PROBLEM TO SOLVE - Output every record word for word.

EXTRACTED MATERIAL -
+-------+
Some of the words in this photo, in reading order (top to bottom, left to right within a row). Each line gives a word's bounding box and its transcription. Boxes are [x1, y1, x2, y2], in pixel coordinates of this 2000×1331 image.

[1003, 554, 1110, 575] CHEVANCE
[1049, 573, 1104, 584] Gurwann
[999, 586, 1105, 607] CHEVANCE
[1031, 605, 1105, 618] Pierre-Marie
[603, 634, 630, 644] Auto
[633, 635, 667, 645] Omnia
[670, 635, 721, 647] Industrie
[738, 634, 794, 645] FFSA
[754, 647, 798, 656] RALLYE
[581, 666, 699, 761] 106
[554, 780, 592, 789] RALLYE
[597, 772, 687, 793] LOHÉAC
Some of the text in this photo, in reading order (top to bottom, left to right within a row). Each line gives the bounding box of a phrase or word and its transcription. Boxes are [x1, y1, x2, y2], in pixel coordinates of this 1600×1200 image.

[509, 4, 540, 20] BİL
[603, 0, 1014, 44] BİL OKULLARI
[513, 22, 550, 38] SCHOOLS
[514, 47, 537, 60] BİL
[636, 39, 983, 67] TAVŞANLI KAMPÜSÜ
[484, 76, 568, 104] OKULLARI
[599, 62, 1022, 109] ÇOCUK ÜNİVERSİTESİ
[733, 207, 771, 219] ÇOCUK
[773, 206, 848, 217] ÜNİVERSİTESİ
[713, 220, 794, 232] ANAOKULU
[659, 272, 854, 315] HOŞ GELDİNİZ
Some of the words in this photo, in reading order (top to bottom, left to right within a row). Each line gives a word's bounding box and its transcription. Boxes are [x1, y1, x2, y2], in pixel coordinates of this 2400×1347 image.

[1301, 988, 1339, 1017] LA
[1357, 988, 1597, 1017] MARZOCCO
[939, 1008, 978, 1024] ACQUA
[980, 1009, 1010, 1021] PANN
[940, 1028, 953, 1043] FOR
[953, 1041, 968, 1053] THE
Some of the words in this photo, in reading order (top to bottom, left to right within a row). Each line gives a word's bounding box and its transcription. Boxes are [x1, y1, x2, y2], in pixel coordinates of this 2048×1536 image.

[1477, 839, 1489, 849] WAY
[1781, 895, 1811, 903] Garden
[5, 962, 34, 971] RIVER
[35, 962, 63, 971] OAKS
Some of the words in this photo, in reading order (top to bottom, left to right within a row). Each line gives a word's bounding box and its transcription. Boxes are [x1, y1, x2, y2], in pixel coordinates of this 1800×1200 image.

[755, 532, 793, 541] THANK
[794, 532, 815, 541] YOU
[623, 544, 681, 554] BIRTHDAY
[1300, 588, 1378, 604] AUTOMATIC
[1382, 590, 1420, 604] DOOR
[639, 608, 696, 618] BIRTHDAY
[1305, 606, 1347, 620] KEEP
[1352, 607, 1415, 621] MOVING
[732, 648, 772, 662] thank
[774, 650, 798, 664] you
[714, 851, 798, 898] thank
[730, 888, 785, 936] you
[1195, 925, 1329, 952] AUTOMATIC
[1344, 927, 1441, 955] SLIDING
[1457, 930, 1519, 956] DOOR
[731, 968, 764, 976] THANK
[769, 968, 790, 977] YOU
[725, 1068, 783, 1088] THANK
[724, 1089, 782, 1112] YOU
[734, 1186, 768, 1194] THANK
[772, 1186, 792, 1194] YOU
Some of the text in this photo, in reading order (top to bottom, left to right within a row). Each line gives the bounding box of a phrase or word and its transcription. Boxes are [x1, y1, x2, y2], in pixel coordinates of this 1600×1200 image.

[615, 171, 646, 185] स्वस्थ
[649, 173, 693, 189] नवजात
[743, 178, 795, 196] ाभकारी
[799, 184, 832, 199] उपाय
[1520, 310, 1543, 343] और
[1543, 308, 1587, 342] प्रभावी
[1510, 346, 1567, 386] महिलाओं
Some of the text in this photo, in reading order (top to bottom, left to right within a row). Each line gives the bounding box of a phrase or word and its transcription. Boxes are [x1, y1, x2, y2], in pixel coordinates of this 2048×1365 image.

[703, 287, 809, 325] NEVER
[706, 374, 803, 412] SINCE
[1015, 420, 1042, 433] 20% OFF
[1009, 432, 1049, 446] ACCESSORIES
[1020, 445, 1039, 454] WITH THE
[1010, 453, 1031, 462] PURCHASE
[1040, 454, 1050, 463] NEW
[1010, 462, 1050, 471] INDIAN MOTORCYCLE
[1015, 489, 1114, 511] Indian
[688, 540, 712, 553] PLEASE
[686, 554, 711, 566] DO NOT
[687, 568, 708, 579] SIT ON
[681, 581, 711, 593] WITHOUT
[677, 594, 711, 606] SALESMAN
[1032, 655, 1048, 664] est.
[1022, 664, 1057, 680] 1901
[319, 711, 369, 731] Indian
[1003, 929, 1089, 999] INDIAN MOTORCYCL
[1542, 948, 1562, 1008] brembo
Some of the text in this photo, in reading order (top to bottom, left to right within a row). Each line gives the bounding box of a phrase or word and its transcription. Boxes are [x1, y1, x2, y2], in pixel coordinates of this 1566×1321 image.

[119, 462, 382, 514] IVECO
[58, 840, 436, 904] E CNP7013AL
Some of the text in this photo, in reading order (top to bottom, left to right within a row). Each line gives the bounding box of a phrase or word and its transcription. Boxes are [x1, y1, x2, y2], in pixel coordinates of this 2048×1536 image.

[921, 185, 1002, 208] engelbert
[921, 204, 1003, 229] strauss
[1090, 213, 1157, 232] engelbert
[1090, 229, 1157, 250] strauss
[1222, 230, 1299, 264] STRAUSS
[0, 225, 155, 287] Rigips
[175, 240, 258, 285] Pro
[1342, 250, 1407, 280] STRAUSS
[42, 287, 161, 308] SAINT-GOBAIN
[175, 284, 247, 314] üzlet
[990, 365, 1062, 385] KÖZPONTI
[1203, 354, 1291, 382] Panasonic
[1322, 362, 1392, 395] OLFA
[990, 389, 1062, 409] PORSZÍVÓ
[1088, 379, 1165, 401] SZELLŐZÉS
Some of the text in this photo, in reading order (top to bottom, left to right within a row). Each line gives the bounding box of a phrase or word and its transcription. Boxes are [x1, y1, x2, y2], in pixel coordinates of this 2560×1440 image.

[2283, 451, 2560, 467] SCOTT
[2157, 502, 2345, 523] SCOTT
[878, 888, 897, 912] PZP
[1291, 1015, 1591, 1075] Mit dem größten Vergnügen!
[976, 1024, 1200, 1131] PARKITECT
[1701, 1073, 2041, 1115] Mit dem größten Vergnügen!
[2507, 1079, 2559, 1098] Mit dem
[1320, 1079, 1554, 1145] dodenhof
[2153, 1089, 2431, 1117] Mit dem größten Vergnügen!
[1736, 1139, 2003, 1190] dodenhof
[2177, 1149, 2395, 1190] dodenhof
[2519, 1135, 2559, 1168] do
+-------+
RESPONSE AREA -
Some of the words in this photo, in reading order (top to bottom, left to right within a row). Each line gives a word's bounding box and its transcription. Boxes are [x1, y1, x2, y2], in pixel coordinates of this 2000×1331 image.

[1003, 554, 1110, 575] CHEVANCE
[1049, 573, 1104, 584] Gurwann
[999, 586, 1105, 607] CHEVANCE
[1031, 605, 1105, 618] Pierre-Marie
[603, 634, 630, 644] Auto
[633, 635, 667, 645] Omnia
[670, 635, 721, 647] Industrie
[738, 634, 794, 645] FFSA
[754, 647, 798, 656] RALLYE
[581, 666, 699, 761] 106
[554, 780, 592, 789] RALLYE
[597, 772, 687, 793] LOHÉAC
Some of the text in this photo, in reading order (top to bottom, left to right within a row). Each line gives the bounding box of a phrase or word and its transcription. Boxes are [x1, y1, x2, y2], in pixel coordinates of this 1600×1200 image.

[509, 4, 540, 20] BİL
[603, 0, 1014, 44] BİL OKULLARI
[513, 22, 550, 38] SCHOOLS
[514, 47, 537, 60] BİL
[636, 39, 983, 67] TAVŞANLI KAMPÜSÜ
[484, 76, 568, 104] OKULLARI
[599, 62, 1022, 109] ÇOCUK ÜNİVERSİTESİ
[733, 207, 771, 219] ÇOCUK
[773, 206, 848, 217] ÜNİVERSİTESİ
[713, 220, 794, 232] ANAOKULU
[659, 272, 854, 315] HOŞ GELDİNİZ
Some of the words in this photo, in reading order (top to bottom, left to right within a row). Each line gives a word's bounding box and its transcription. Boxes are [x1, y1, x2, y2], in pixel coordinates of this 2400×1347 image.

[1301, 988, 1339, 1017] LA
[1357, 988, 1597, 1017] MARZOCCO
[939, 1008, 978, 1024] ACQUA
[980, 1009, 1010, 1021] PANN
[940, 1028, 953, 1043] FOR
[953, 1041, 968, 1053] THE
Some of the words in this photo, in reading order (top to bottom, left to right within a row). Each line gives a word's bounding box and its transcription. Boxes are [x1, y1, x2, y2], in pixel coordinates of this 2048×1536 image.

[1477, 839, 1489, 849] WAY
[1781, 895, 1811, 903] Garden
[5, 962, 34, 971] RIVER
[35, 962, 63, 971] OAKS
Some of the words in this photo, in reading order (top to bottom, left to right within a row). Each line gives a word's bounding box and its transcription. Boxes are [x1, y1, x2, y2], in pixel coordinates of this 1800×1200 image.

[755, 532, 793, 541] THANK
[794, 532, 815, 541] YOU
[623, 544, 681, 554] BIRTHDAY
[1300, 588, 1378, 604] AUTOMATIC
[1382, 590, 1420, 604] DOOR
[639, 608, 696, 618] BIRTHDAY
[1305, 606, 1347, 620] KEEP
[1352, 607, 1415, 621] MOVING
[732, 648, 772, 662] thank
[774, 650, 798, 664] you
[714, 851, 798, 898] thank
[730, 888, 785, 936] you
[1195, 925, 1329, 952] AUTOMATIC
[1344, 927, 1441, 955] SLIDING
[1457, 930, 1519, 956] DOOR
[731, 968, 764, 976] THANK
[769, 968, 790, 977] YOU
[725, 1068, 783, 1088] THANK
[724, 1089, 782, 1112] YOU
[734, 1186, 768, 1194] THANK
[772, 1186, 792, 1194] YOU
Some of the text in this photo, in reading order (top to bottom, left to right within a row). Each line gives the bounding box of a phrase or word and its transcription. Boxes are [x1, y1, x2, y2], in pixel coordinates of this 1600×1200 image.

[615, 171, 646, 185] स्वस्थ
[649, 173, 693, 189] नवजात
[743, 178, 795, 196] ाभकारी
[799, 184, 832, 199] उपाय
[1520, 310, 1543, 343] और
[1543, 308, 1587, 342] प्रभावी
[1510, 346, 1567, 386] महिलाओं
Some of the text in this photo, in reading order (top to bottom, left to right within a row). Each line gives the bounding box of a phrase or word and its transcription. Boxes are [x1, y1, x2, y2], in pixel coordinates of this 2048×1365 image.

[703, 287, 809, 325] NEVER
[706, 374, 803, 412] SINCE
[1015, 420, 1042, 433] 20% OFF
[1009, 432, 1049, 446] ACCESSORIES
[1020, 445, 1039, 454] WITH THE
[1010, 453, 1031, 462] PURCHASE
[1040, 454, 1050, 463] NEW
[1010, 462, 1050, 471] INDIAN MOTORCYCLE
[1015, 489, 1114, 511] Indian
[688, 540, 712, 553] PLEASE
[686, 554, 711, 566] DO NOT
[687, 568, 708, 579] SIT ON
[681, 581, 711, 593] WITHOUT
[677, 594, 711, 606] SALESMAN
[1032, 655, 1048, 664] est.
[1022, 664, 1057, 680] 1901
[319, 711, 369, 731] Indian
[1003, 929, 1089, 999] INDIAN MOTORCYCL
[1542, 948, 1562, 1008] brembo
Some of the text in this photo, in reading order (top to bottom, left to right within a row). Each line gives the bounding box of a phrase or word and its transcription. Boxes are [x1, y1, x2, y2], in pixel coordinates of this 1566×1321 image.

[119, 462, 382, 514] IVECO
[58, 840, 436, 904] E CNP7013AL
Some of the text in this photo, in reading order (top to bottom, left to right within a row). Each line gives the bounding box of a phrase or word and its transcription. Boxes are [x1, y1, x2, y2], in pixel coordinates of this 2048×1536 image.

[921, 185, 1002, 208] engelbert
[921, 204, 1003, 229] strauss
[1090, 213, 1157, 232] engelbert
[1090, 229, 1157, 250] strauss
[1222, 230, 1299, 264] STRAUSS
[0, 225, 155, 287] Rigips
[175, 240, 258, 285] Pro
[1342, 250, 1407, 280] STRAUSS
[42, 287, 161, 308] SAINT-GOBAIN
[175, 284, 247, 314] üzlet
[990, 365, 1062, 385] KÖZPONTI
[1203, 354, 1291, 382] Panasonic
[1322, 362, 1392, 395] OLFA
[990, 389, 1062, 409] PORSZÍVÓ
[1088, 379, 1165, 401] SZELLŐZÉS
Some of the text in this photo, in reading order (top to bottom, left to right within a row). Each line gives the bounding box of a phrase or word and its transcription. Boxes are [x1, y1, x2, y2], in pixel coordinates of this 2560×1440 image.

[2283, 451, 2560, 467] SCOTT
[2157, 502, 2345, 523] SCOTT
[878, 888, 897, 912] PZP
[1291, 1015, 1591, 1075] Mit dem größten Vergnügen!
[976, 1024, 1200, 1131] PARKITECT
[1701, 1073, 2041, 1115] Mit dem größten Vergnügen!
[2507, 1079, 2559, 1098] Mit dem
[1320, 1079, 1554, 1145] dodenhof
[2153, 1089, 2431, 1117] Mit dem größten Vergnügen!
[1736, 1139, 2003, 1190] dodenhof
[2177, 1149, 2395, 1190] dodenhof
[2519, 1135, 2559, 1168] do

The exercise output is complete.